Ясмунд вопросительно повел глазом на великого князя.
– Икмор, Ратьмер, Мечеслав. Поедете в передовой дозор, – подумав, отдал приказ Святослав. – Возьмите каждый с собою по отроку. Поглядите, что там с Красным, сколько врагов, как встали.
– Слушаем, князь, – отозвался за всех троих Икмор, как старший родом. – Слава Перуну!
– Слава! – отозвались в два голоса Святослав с Ясмундом.
В отроки с собою Мечеслав взял Войко, из той тройки, что под его приглядом собирала хворост у Игоревой могилы. Отроков Икмора и Ратьмера звали Ракшей и Твердятой. Услышав, что их берут в сторожу, отроки засияли, как ясно солнышко, но Икмор тут же осадил их, жестко приказав вперёд старших не лезть, без приказа за луки, сулицы и чеканы не хвататься. Нарушителю было обещано до конца полюдья место при обозе, даже если от его своеволья не будет для сторожи ничего дурного. А если будет…
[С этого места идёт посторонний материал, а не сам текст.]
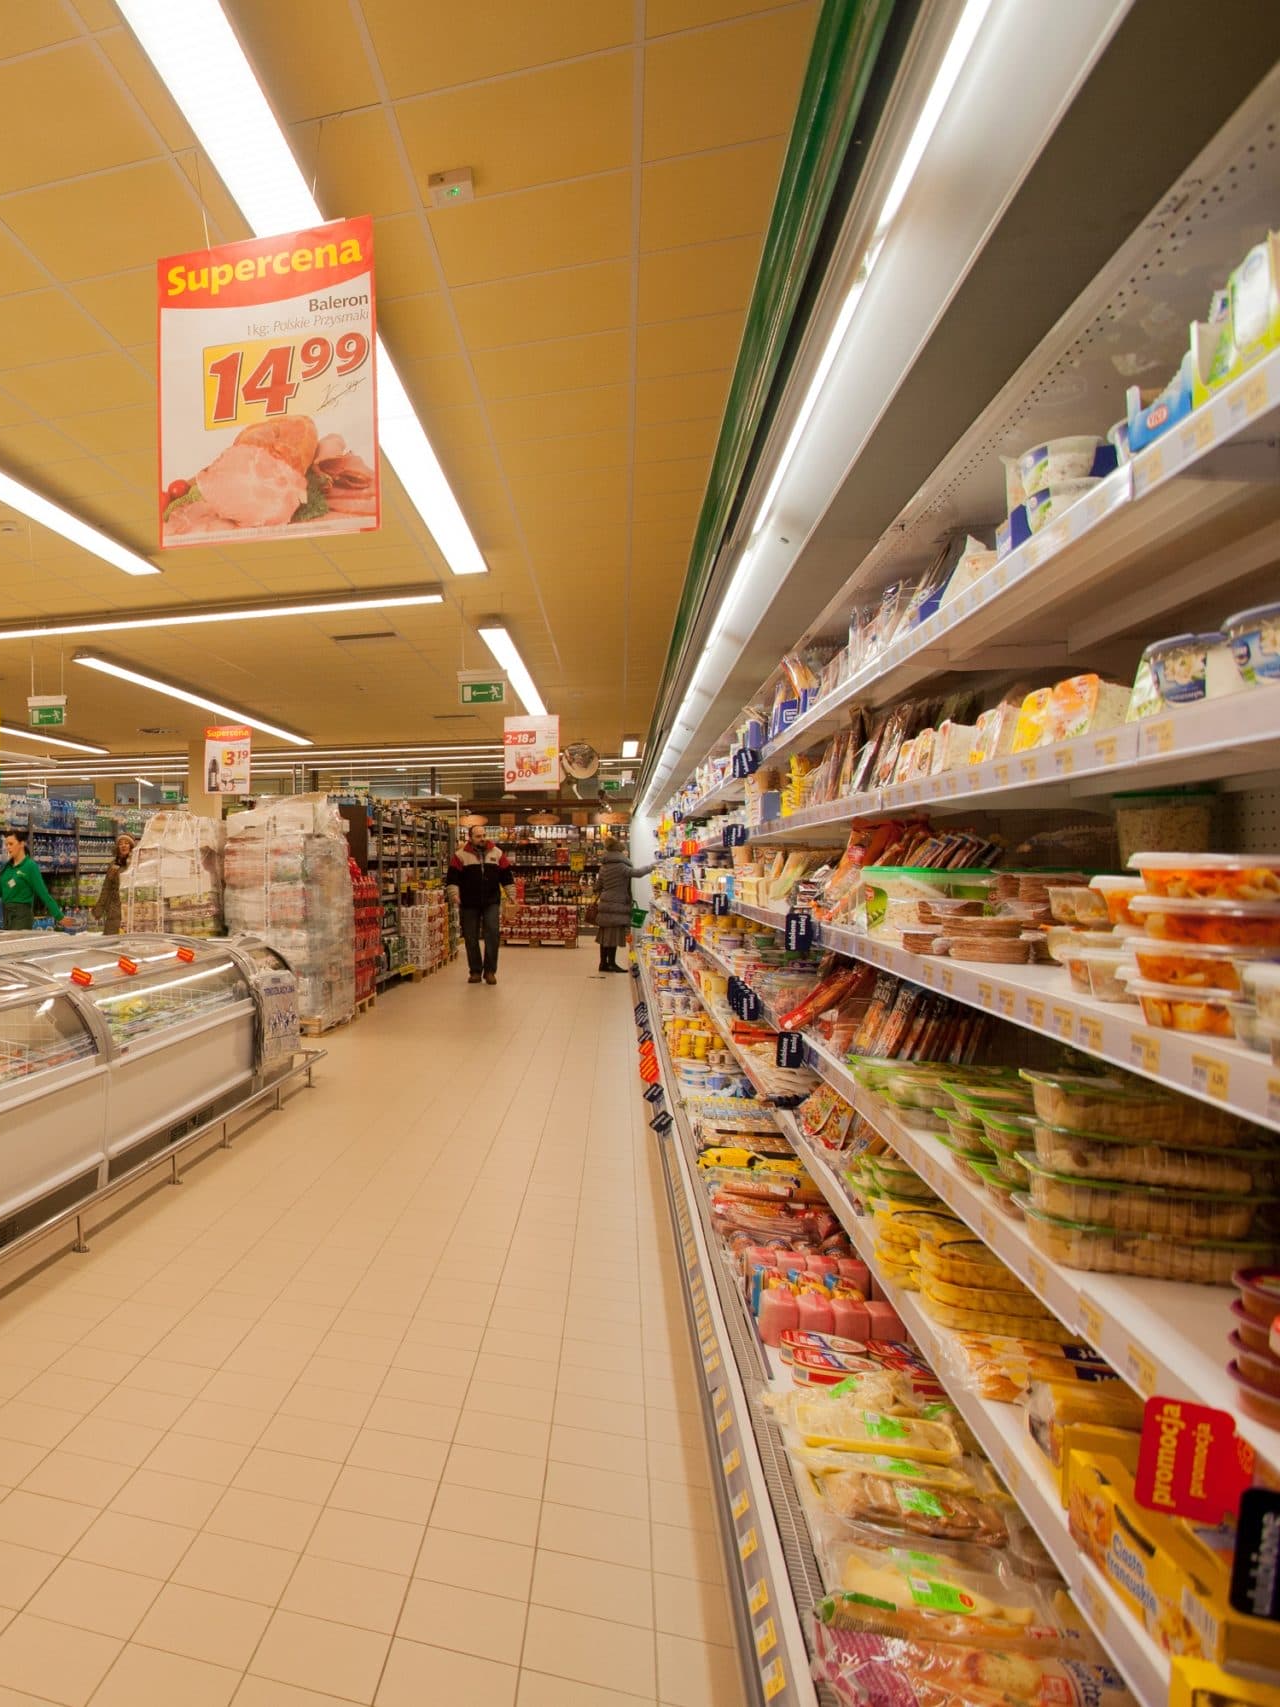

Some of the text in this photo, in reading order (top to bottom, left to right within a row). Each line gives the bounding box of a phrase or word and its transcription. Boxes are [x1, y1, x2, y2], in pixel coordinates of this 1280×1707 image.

Икмор обвёл посеревших отроков точным подобием отцовского взгляда. Те дружно сглотнули.
Приказы должны выполняться. Любые. Если старший прикажет отступать – отступать вместе с ним. Если прикажет бежать одному к обозу – бежать без разговоров. Это ясно?
Икмор немного посверлил взглядом лица было вскинувшихся возмущенно мальчишек, и те один за другим сникли.
Собственно, пока Икмор читал наставления отрокам, сторожа уже двигалась прочь от дружины. За спиною те, кто ехал бездоспешными – а кольчуги и шлемы были только на дружинниках, шедших во главе полюдья, рядом с великим князем, – разбирали брони, щиты и шишаки с возов.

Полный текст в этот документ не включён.